The KCNQ family of potassium channels underlie a repolarizing K+ current in the heart and the M-current in neurones. The assembly of KCNQ1 with KCNE1 generates the delayed rectifier current IKs in the heart. Characteristically these channels are regulated via Gq/11-coupled receptors and the inhibition seen after phospholipase C activation is now thought to occur from membrane phosphatidylinositol (4,5)-bisphosphate (PIP2) depletion. It is not clear how KCNQ1 recognizes PIP2 and specifically which residues in the channel complex are important. Using biochemical techniques we identify a cluster of basic residues namely, Lys-354, Lys-358, Arg-360, and Lys-362, in the proximal C terminus as being involved in binding anionic phospholipids. The mutation of specific residues in combination, to alanine leads to the loss of binding to phosphoinositides. Functionally, the introduction of these mutations into KCNQ1 leads to shifts in the voltage dependence of channel activation toward depolarized potentials and reductions in current density. Additionally, the biophysical effects of the charge neutralizing mutations, which disrupt phosphoinositide binding, mirror the effects we see on channel function when we deplete cellular PIP2 levels through activation of a Gq/11-coupled receptor.

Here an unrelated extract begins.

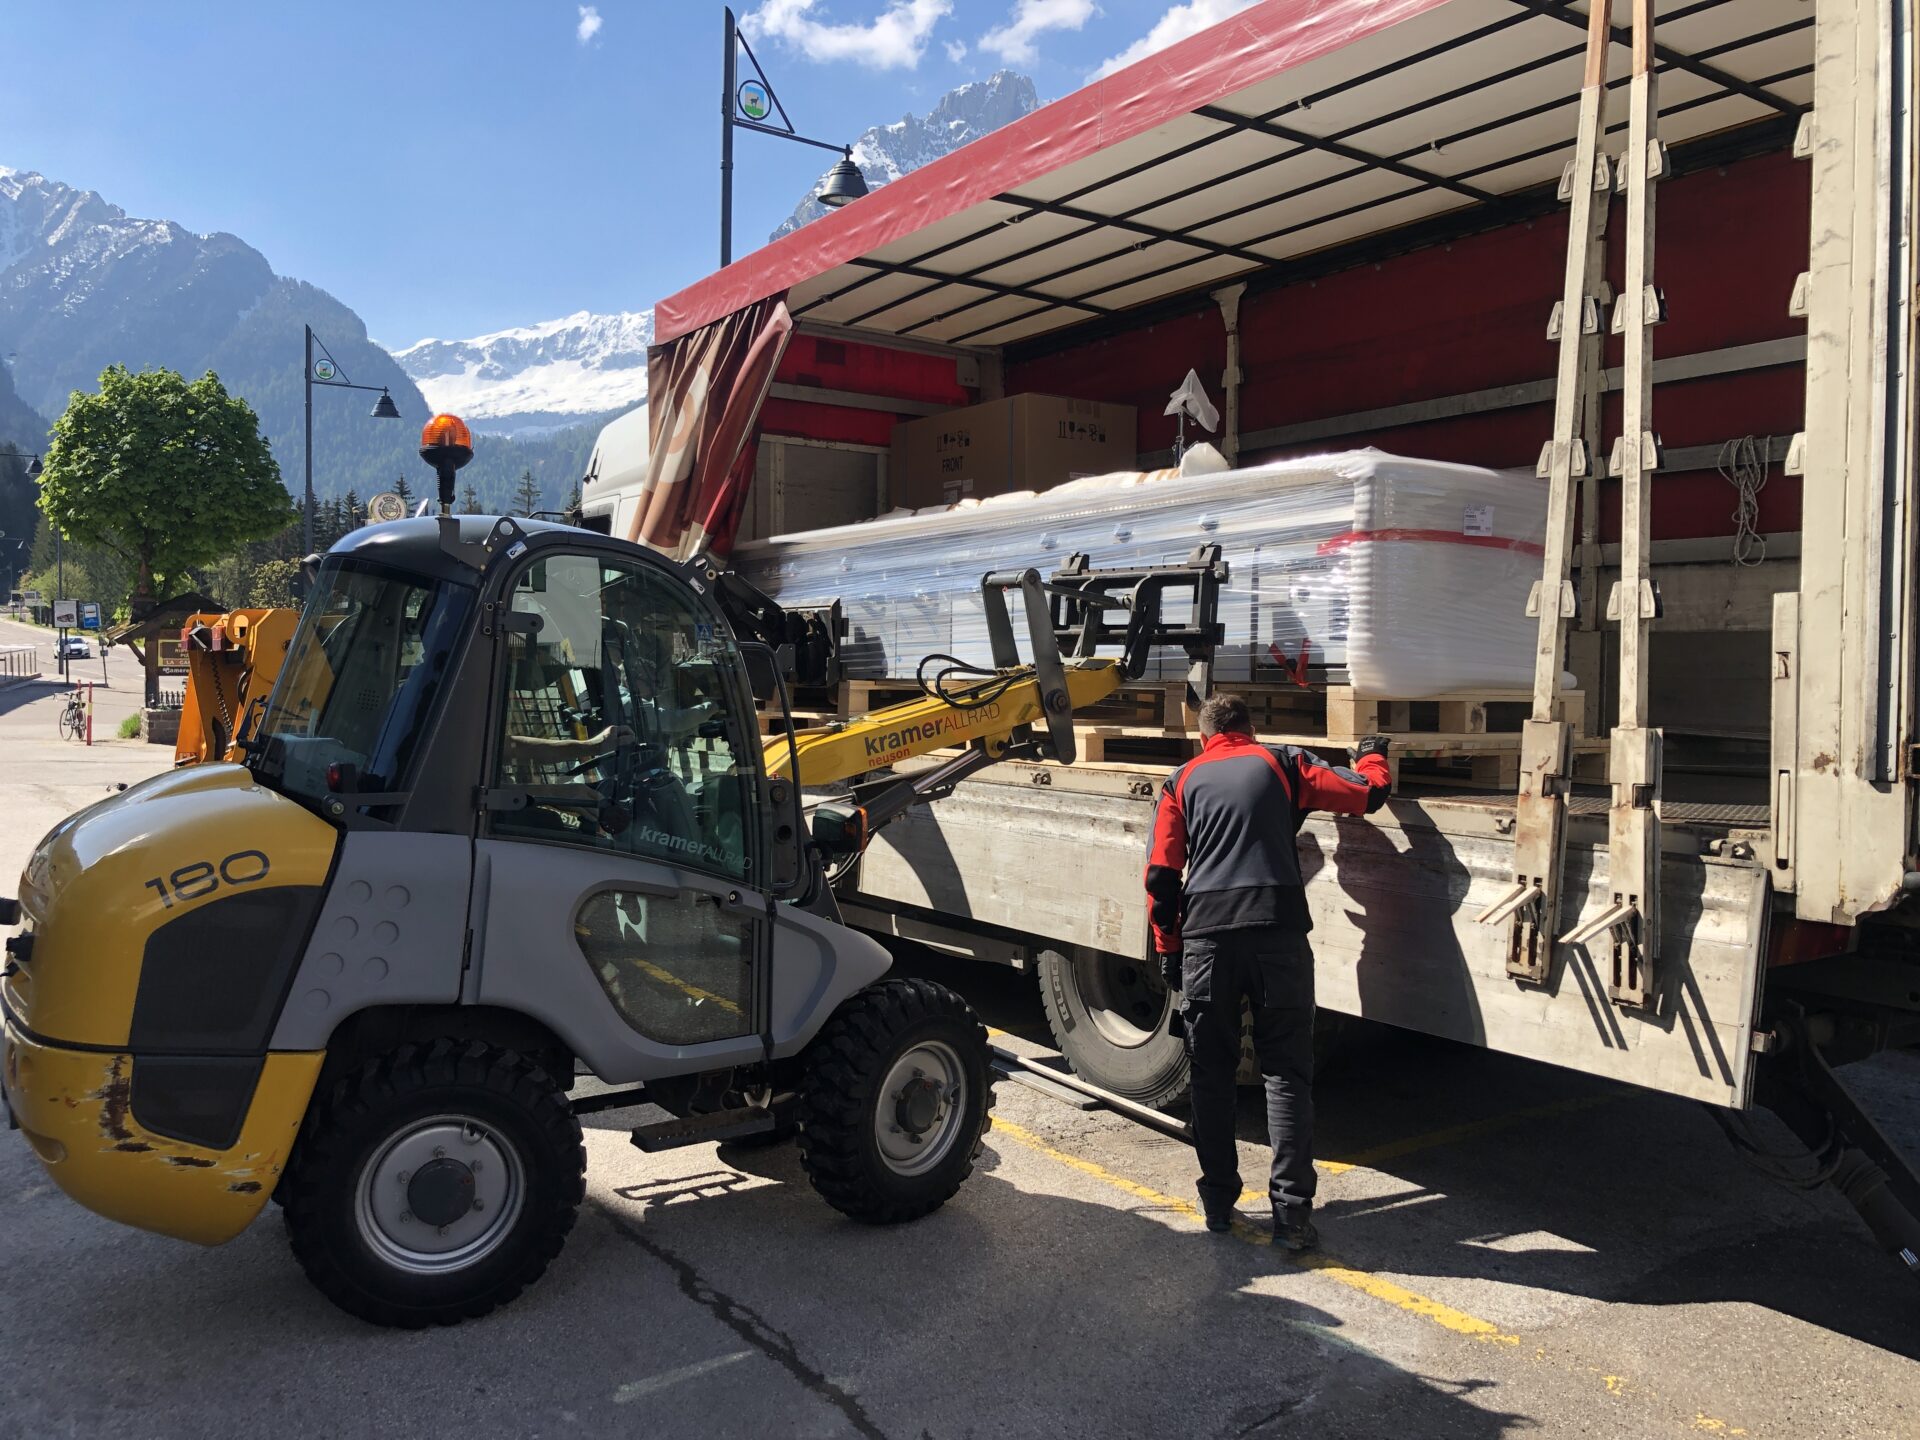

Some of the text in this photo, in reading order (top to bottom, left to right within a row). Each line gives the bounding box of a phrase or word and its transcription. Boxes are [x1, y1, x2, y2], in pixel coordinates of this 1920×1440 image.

[943, 456, 963, 473] FRONT
[868, 747, 911, 767] neuson
[145, 850, 270, 908] 180

Conversely, the addition of diC8-PIP2 to the wild-type channel, but not a PIP2 binding-deficient mutant, acts to shift the voltage dependence of channel activation toward hyperpolarized potentials and increase current density. In conclusion, we use a combined biochemical and functional approach to identify a cluster of basic residues important for the binding and action of anionic phospholipids on the KCNQ1/KCNE1 complex.